• INPUT RECORDS:
▶
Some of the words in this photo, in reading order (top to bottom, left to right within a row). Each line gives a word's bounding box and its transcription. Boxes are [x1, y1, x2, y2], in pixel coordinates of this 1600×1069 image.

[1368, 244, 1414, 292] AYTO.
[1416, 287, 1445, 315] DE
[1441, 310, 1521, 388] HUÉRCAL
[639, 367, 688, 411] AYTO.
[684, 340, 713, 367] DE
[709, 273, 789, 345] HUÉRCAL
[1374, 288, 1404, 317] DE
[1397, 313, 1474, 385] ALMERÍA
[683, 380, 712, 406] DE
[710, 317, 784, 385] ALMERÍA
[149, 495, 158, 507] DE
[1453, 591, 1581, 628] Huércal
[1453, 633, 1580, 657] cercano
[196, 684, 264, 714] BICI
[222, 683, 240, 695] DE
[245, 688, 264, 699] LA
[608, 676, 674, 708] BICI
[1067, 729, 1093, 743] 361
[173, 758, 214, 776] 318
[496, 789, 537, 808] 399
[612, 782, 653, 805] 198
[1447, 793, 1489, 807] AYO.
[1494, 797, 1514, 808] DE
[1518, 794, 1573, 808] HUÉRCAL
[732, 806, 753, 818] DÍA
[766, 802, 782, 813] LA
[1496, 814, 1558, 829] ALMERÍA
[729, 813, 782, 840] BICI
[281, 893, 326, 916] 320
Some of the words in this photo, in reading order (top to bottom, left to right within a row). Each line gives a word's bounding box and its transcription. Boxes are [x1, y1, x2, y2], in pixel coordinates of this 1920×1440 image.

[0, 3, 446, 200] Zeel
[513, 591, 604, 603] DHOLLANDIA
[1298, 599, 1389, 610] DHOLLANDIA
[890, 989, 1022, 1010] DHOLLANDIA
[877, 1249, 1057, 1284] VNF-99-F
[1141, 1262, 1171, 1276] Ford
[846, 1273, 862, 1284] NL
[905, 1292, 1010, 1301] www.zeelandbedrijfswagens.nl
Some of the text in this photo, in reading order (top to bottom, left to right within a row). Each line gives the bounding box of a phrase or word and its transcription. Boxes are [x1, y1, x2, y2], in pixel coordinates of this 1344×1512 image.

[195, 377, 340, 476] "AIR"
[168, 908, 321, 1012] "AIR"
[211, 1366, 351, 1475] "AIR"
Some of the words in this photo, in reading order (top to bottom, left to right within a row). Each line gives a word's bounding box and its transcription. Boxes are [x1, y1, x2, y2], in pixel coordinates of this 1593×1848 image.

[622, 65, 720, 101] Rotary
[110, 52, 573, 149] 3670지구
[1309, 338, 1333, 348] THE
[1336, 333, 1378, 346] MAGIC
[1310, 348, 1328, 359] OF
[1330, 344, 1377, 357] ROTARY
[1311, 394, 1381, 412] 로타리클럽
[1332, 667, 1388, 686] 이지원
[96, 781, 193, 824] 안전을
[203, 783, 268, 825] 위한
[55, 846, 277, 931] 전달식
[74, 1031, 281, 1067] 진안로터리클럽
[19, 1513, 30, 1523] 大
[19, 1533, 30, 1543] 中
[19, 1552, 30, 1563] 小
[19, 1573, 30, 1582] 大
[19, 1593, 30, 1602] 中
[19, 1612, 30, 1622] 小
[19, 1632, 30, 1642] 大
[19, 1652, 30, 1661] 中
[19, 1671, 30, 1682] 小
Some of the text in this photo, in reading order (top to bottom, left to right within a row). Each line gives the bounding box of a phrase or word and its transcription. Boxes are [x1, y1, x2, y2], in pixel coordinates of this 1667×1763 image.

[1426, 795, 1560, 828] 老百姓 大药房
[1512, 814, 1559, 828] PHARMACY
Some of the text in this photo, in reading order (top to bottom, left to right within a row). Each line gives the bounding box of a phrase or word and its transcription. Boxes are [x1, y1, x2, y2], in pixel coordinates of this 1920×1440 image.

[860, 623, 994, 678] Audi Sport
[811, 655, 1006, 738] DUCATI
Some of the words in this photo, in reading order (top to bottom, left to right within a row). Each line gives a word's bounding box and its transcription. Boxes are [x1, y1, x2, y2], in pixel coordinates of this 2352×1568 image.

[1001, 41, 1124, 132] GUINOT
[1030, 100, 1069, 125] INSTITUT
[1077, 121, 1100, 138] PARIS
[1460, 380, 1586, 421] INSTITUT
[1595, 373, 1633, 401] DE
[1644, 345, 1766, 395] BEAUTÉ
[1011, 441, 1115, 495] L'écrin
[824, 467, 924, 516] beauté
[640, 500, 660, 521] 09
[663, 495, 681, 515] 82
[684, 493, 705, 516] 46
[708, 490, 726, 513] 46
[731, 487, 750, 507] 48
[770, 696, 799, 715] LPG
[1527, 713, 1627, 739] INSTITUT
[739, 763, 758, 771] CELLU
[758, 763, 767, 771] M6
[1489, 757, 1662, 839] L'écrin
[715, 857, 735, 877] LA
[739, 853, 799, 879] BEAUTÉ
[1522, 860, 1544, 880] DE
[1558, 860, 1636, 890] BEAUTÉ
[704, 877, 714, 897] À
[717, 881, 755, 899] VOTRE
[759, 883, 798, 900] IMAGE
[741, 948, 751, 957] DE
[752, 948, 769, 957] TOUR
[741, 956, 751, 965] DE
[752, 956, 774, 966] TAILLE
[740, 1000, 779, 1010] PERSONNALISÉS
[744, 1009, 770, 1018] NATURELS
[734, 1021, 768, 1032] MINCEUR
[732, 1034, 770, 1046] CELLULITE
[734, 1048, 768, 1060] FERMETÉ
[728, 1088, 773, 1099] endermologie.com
◀
• TASK STATEMENT: Output each line of the records above exactly.

• SOLUTION TO THIS EXERCISE:
Some of the words in this photo, in reading order (top to bottom, left to right within a row). Each line gives a word's bounding box and its transcription. Boxes are [x1, y1, x2, y2], in pixel coordinates of this 1600×1069 image.

[1368, 244, 1414, 292] AYTO.
[1416, 287, 1445, 315] DE
[1441, 310, 1521, 388] HUÉRCAL
[639, 367, 688, 411] AYTO.
[684, 340, 713, 367] DE
[709, 273, 789, 345] HUÉRCAL
[1374, 288, 1404, 317] DE
[1397, 313, 1474, 385] ALMERÍA
[683, 380, 712, 406] DE
[710, 317, 784, 385] ALMERÍA
[149, 495, 158, 507] DE
[1453, 591, 1581, 628] Huércal
[1453, 633, 1580, 657] cercano
[196, 684, 264, 714] BICI
[222, 683, 240, 695] DE
[245, 688, 264, 699] LA
[608, 676, 674, 708] BICI
[1067, 729, 1093, 743] 361
[173, 758, 214, 776] 318
[496, 789, 537, 808] 399
[612, 782, 653, 805] 198
[1447, 793, 1489, 807] AYO.
[1494, 797, 1514, 808] DE
[1518, 794, 1573, 808] HUÉRCAL
[732, 806, 753, 818] DÍA
[766, 802, 782, 813] LA
[1496, 814, 1558, 829] ALMERÍA
[729, 813, 782, 840] BICI
[281, 893, 326, 916] 320
Some of the words in this photo, in reading order (top to bottom, left to right within a row). Each line gives a word's bounding box and its transcription. Boxes are [x1, y1, x2, y2], in pixel coordinates of this 1920×1440 image.

[0, 3, 446, 200] Zeel
[513, 591, 604, 603] DHOLLANDIA
[1298, 599, 1389, 610] DHOLLANDIA
[890, 989, 1022, 1010] DHOLLANDIA
[877, 1249, 1057, 1284] VNF-99-F
[1141, 1262, 1171, 1276] Ford
[846, 1273, 862, 1284] NL
[905, 1292, 1010, 1301] www.zeelandbedrijfswagens.nl
Some of the text in this photo, in reading order (top to bottom, left to right within a row). Each line gives the bounding box of a phrase or word and its transcription. Boxes are [x1, y1, x2, y2], in pixel coordinates of this 1344×1512 image.

[195, 377, 340, 476] "AIR"
[168, 908, 321, 1012] "AIR"
[211, 1366, 351, 1475] "AIR"
Some of the words in this photo, in reading order (top to bottom, left to right within a row). Each line gives a word's bounding box and its transcription. Boxes are [x1, y1, x2, y2], in pixel coordinates of this 1593×1848 image.

[622, 65, 720, 101] Rotary
[110, 52, 573, 149] 3670지구
[1309, 338, 1333, 348] THE
[1336, 333, 1378, 346] MAGIC
[1310, 348, 1328, 359] OF
[1330, 344, 1377, 357] ROTARY
[1311, 394, 1381, 412] 로타리클럽
[1332, 667, 1388, 686] 이지원
[96, 781, 193, 824] 안전을
[203, 783, 268, 825] 위한
[55, 846, 277, 931] 전달식
[74, 1031, 281, 1067] 진안로터리클럽
[19, 1513, 30, 1523] 大
[19, 1533, 30, 1543] 中
[19, 1552, 30, 1563] 小
[19, 1573, 30, 1582] 大
[19, 1593, 30, 1602] 中
[19, 1612, 30, 1622] 小
[19, 1632, 30, 1642] 大
[19, 1652, 30, 1661] 中
[19, 1671, 30, 1682] 小
Some of the text in this photo, in reading order (top to bottom, left to right within a row). Each line gives the bounding box of a phrase or word and its transcription. Boxes are [x1, y1, x2, y2], in pixel coordinates of this 1667×1763 image.

[1426, 795, 1560, 828] 老百姓 大药房
[1512, 814, 1559, 828] PHARMACY
Some of the text in this photo, in reading order (top to bottom, left to right within a row). Each line gives the bounding box of a phrase or word and its transcription. Boxes are [x1, y1, x2, y2], in pixel coordinates of this 1920×1440 image.

[860, 623, 994, 678] Audi Sport
[811, 655, 1006, 738] DUCATI
Some of the words in this photo, in reading order (top to bottom, left to right within a row). Each line gives a word's bounding box and its transcription. Boxes are [x1, y1, x2, y2], in pixel coordinates of this 2352×1568 image.

[1001, 41, 1124, 132] GUINOT
[1030, 100, 1069, 125] INSTITUT
[1077, 121, 1100, 138] PARIS
[1460, 380, 1586, 421] INSTITUT
[1595, 373, 1633, 401] DE
[1644, 345, 1766, 395] BEAUTÉ
[1011, 441, 1115, 495] L'écrin
[824, 467, 924, 516] beauté
[640, 500, 660, 521] 09
[663, 495, 681, 515] 82
[684, 493, 705, 516] 46
[708, 490, 726, 513] 46
[731, 487, 750, 507] 48
[770, 696, 799, 715] LPG
[1527, 713, 1627, 739] INSTITUT
[739, 763, 758, 771] CELLU
[758, 763, 767, 771] M6
[1489, 757, 1662, 839] L'écrin
[715, 857, 735, 877] LA
[739, 853, 799, 879] BEAUTÉ
[1522, 860, 1544, 880] DE
[1558, 860, 1636, 890] BEAUTÉ
[704, 877, 714, 897] À
[717, 881, 755, 899] VOTRE
[759, 883, 798, 900] IMAGE
[741, 948, 751, 957] DE
[752, 948, 769, 957] TOUR
[741, 956, 751, 965] DE
[752, 956, 774, 966] TAILLE
[740, 1000, 779, 1010] PERSONNALISÉS
[744, 1009, 770, 1018] NATURELS
[734, 1021, 768, 1032] MINCEUR
[732, 1034, 770, 1046] CELLULITE
[734, 1048, 768, 1060] FERMETÉ
[728, 1088, 773, 1099] endermologie.com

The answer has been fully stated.